# Looking for a Laser cutter to cut patches



## Buechee (Dec 22, 2005)

I'm looking for a laser cutter to cut my patches when done with the stitching. Is there a cutter that can be used at home? How does anyone else get the patches cut so that the edge is smooth?


----------



## rodsps (Mar 12, 2008)

Most of the lasers can be used "at home"
you do need to have a vaccum system to pull fumes and dust away from the laser. (sometimes the vendors don't let onto this until they got the sale)
I think it may be alittle tricky aligning for the cut but I am sure you would figure out a way. Cutting with a laser is great though and opens up alot of other things to be doing with it.
I noticed your in Ohio, you should be planning to attend the NBM show at Indy this week.


----------



## lizziemaxine (Nov 14, 2007)

Barudan offers a laser that is about the size of a single-head embroidery machine.


----------



## Buechee (Dec 22, 2005)

lizziemaxine said:


> Barudan offers a laser that is about the size of a single-head embroidery machine.


 
How much are we talking? I stay around the corner from them. And is there anyone else that has them? I dont need a big one. Just something to do the patches I make so that the patch looks crisp when I'm done with them.


----------



## lizziemaxine (Nov 14, 2007)

Buechee said:


> How much are we talking? I stay around the corner from them. And is there anyone else that has them? I dont need a big one. Just something to do the patches I make so that the patch looks crisp when I'm done with them.


The one Barudan had at ISS Ft. Worth last Oct. was about the size of my single-head embroidery machine (36" wide).
They did the embroidery one one machine then moved the still hooped item to the laser and cut around the design.
Price tag, if I remember correctly, was $60,000.

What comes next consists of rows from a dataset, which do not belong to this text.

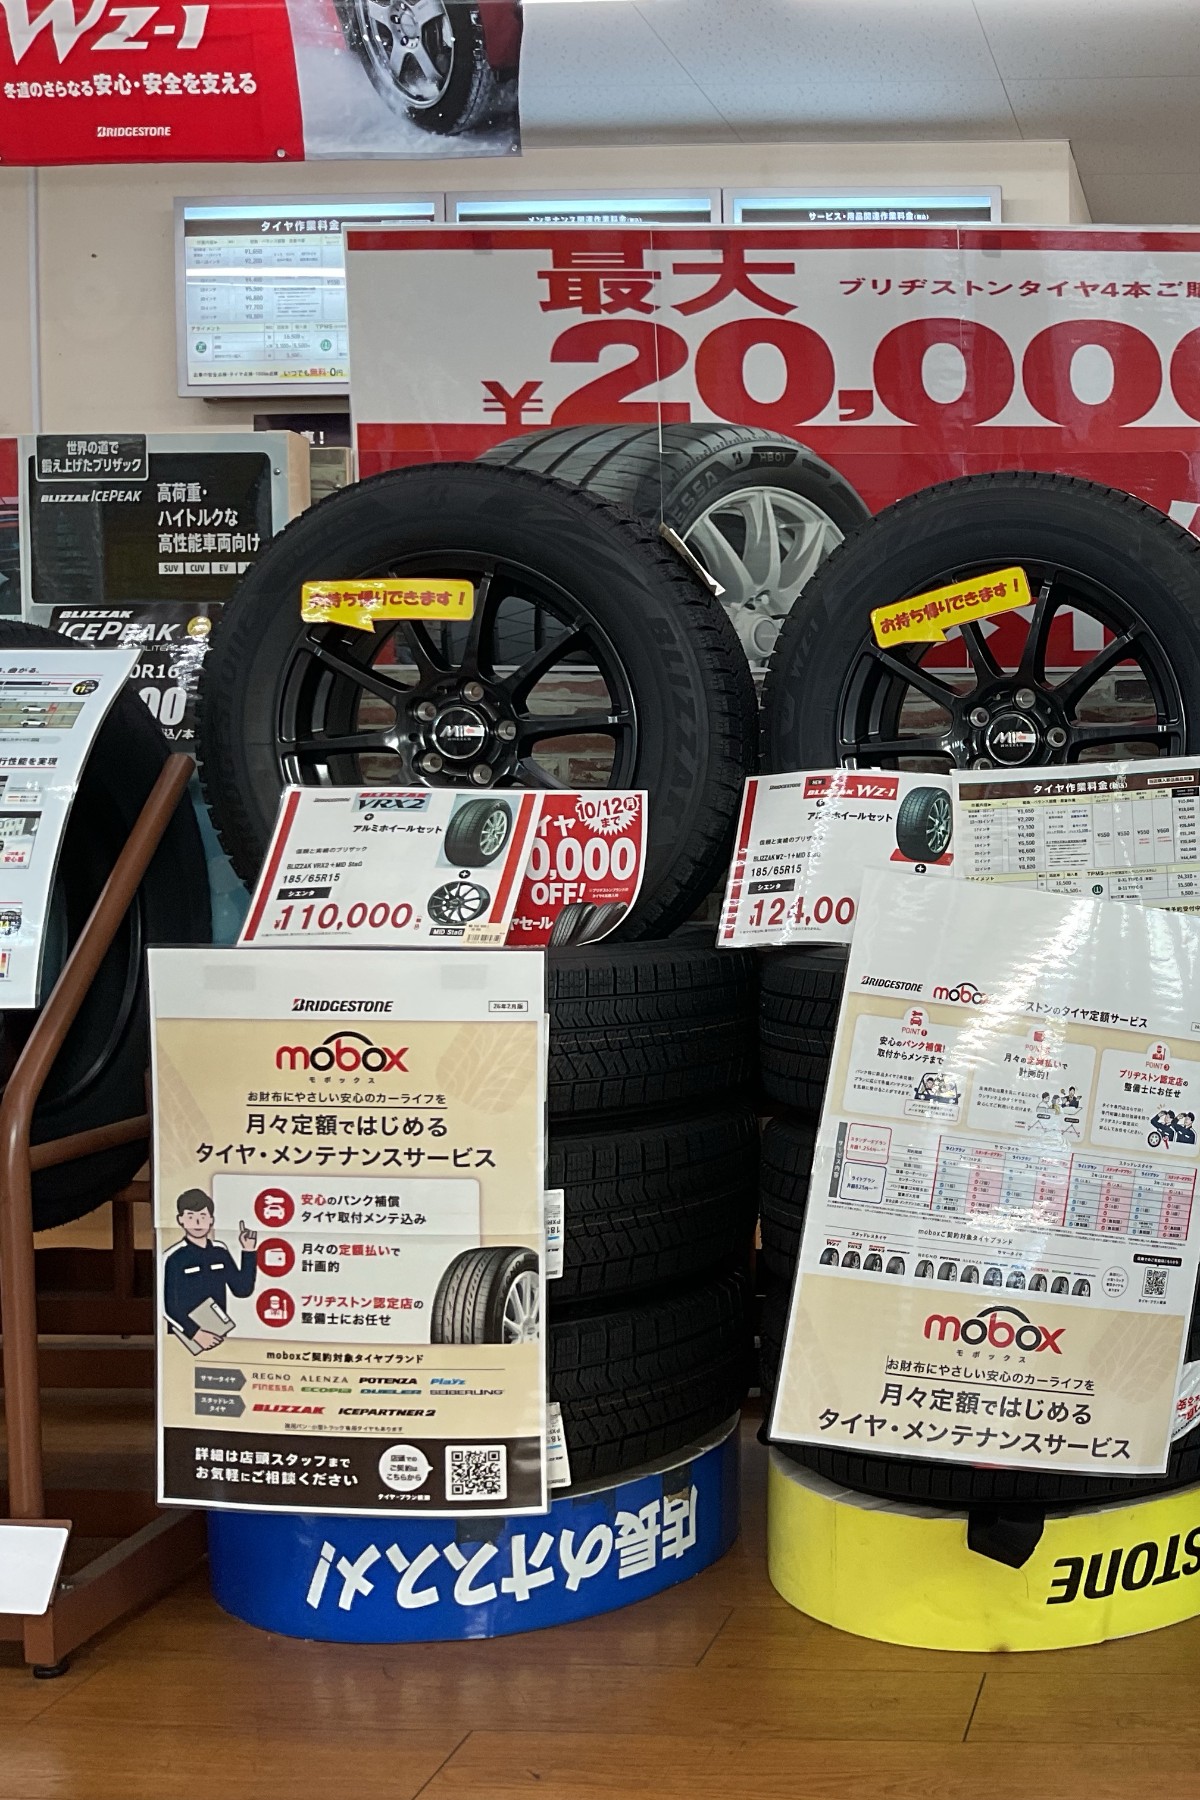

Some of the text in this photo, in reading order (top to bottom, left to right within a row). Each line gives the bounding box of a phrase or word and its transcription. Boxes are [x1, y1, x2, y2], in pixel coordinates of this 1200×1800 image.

[4, 72, 257, 98] 冬道のさらなる安心・安全を支える
[97, 127, 171, 137] BRIDGESTONE
[261, 220, 340, 232] タイヤ作業料金
[537, 249, 797, 316] 最大
[66, 440, 119, 455] 世界の道で
[41, 457, 142, 474] 鍛え上げたブリザック
[40, 489, 142, 503] BLIZZAK ICEPEAK
[157, 508, 238, 527] ハイトルクな
[157, 533, 261, 553] 高性能車両向け
[164, 563, 228, 572] SUV CUV EV
[59, 610, 134, 619] BLIZZAK
[879, 578, 1021, 636] お持ち帰りできます!
[856, 785, 895, 797] WZ-1
[359, 799, 427, 810] VRX2
[576, 797, 623, 822] 10/12
[353, 824, 443, 833] アルミホイールセット
[601, 816, 620, 828] まで
[283, 873, 340, 883] 185/65R15
[751, 864, 802, 877] 185/65R15
[531, 882, 586, 905] OFF!
[758, 883, 781, 891] シエンタ
[274, 903, 413, 930] ¥110,000
[291, 998, 394, 1013] BRIDGESTONE
[860, 975, 1148, 1029] BRIDGESTONE ストンのタイヤ定額サービス
[275, 1035, 409, 1073] mobox
[877, 1048, 944, 1064] 取付からメンテまで
[1146, 1061, 1163, 1069] POINT
[308, 1076, 376, 1085] モボックス
[1119, 1069, 1189, 1087] ブリヂストン認定店の
[247, 1091, 447, 1105] お財布にやさしい安心のカーライフを
[1124, 1083, 1181, 1098] 整備士にお任せ
[245, 1113, 448, 1138] 月々定額ではじめる
[195, 1142, 497, 1168] タイヤ・メンテナンスサービス
[852, 1175, 875, 1183] ライトプラン
[300, 1210, 427, 1225] タイヤ取付メンテ込み
[302, 1243, 401, 1257] 月々の定額払いで
[301, 1259, 340, 1274] 計画的
[300, 1294, 423, 1311] ブリヂストン認定店の
[300, 1312, 392, 1327] 整備士にお任せ
[923, 1309, 1066, 1355] mobox
[266, 1350, 424, 1365] moboxご契約対象タイヤブランド
[956, 1349, 1026, 1364] モボックス
[200, 1372, 418, 1385] サマータイヤ REGNO ALENZA POTENZA
[887, 1358, 1095, 1391] お財布にやさしい安心のカーライフを
[252, 1384, 294, 1392] FINESSA
[252, 1404, 326, 1414] BLIZZAK
[880, 1383, 1092, 1425] 月々定額ではじめる
[818, 1408, 1131, 1459] タイヤ・メンテナンスサービス
[195, 1447, 351, 1469] 詳細は店頭スタッフまで
[195, 1466, 358, 1487] お気軽にご相談ください
[386, 1472, 422, 1482] こちらから
[305, 1483, 699, 1611] 店長のオススメ!

Barudan was also showing on attached to a multi-head machine and I think the cost was over $100,000.


----------



## vctradingcubao (Nov 15, 2006)

Thanks Jane. That barudan system sounds good and would be perfect for cutting purposes (like Marc's). Big problem is the price, at least for me, is too much for that purpose alone. I have a LaserPro Explorer but don't use it to cut our embroidered patches anymore since I can't make a perfect alignment if I want the cut to be closest to the embroidered border. It's really tricky and time consuming as Rodney said. Nowadays, we just cut by hand and use a "soldering pen" to "burn" the edges. I've heard that there are also heated electric scissors out there but i have never seen one. Have you also thought about buying that special edging machine from Merrow USA? The machine is kinda pricey too, but it adds value to the embroidered patches/emblems.


----------



## mrshill (Sep 25, 2008)

there is also the option of what is call a "hot Knife" google it and you will get some great results. This product give a great smooth edge and seal the ends to keep them from fraying as it cuts. It certainly won't cause you thousands of dollars. 

Carolyn


----------



## Buechee (Dec 22, 2005)

Thanks to all you of you. That Barudan is way too much for me. Maybe if I was a wholesaler.

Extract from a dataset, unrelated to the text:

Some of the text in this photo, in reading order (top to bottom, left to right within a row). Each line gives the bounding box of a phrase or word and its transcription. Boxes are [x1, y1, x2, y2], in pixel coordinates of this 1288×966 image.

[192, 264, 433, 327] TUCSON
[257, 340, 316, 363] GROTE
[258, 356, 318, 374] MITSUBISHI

> Nowadays, we just cut by hand and use a "soldering pen" to "burn" the edges. I've heard that there are also heated electric scissors out there but i have never seen one.


That sounds like it might work. I bought some stuff called fray block. Don't know how long it will last, but it works and was less than $4.




> there is also the option of what is call a "hot Knife" google it and you will get some great results. This product give a great smooth edge and seal the ends to keep them from fraying as it cuts. It certainly won't cause you thousands of dollars.


This sounds good too, but I don't want a knife.


----------



## Buechee (Dec 22, 2005)

Just took a look at the hot knife. That just might do the job. It's not what I thought it would be. I'll have look into that.


----------



## EXTouch (Mar 22, 2007)

I've been looking at an epilog laser and a versa laser. 

Anyone have an experience using these machines to cut their patches?


----------



## Binary01 (Jun 2, 2007)

you can adjust power/speed settings on most laser systems.... just have to make sure you get enough wattage in your setup to make it happen. since you are going through fabric, i dont see an issue. i used a laser to cut/score on acrylic/chipboard/basswood/paper.....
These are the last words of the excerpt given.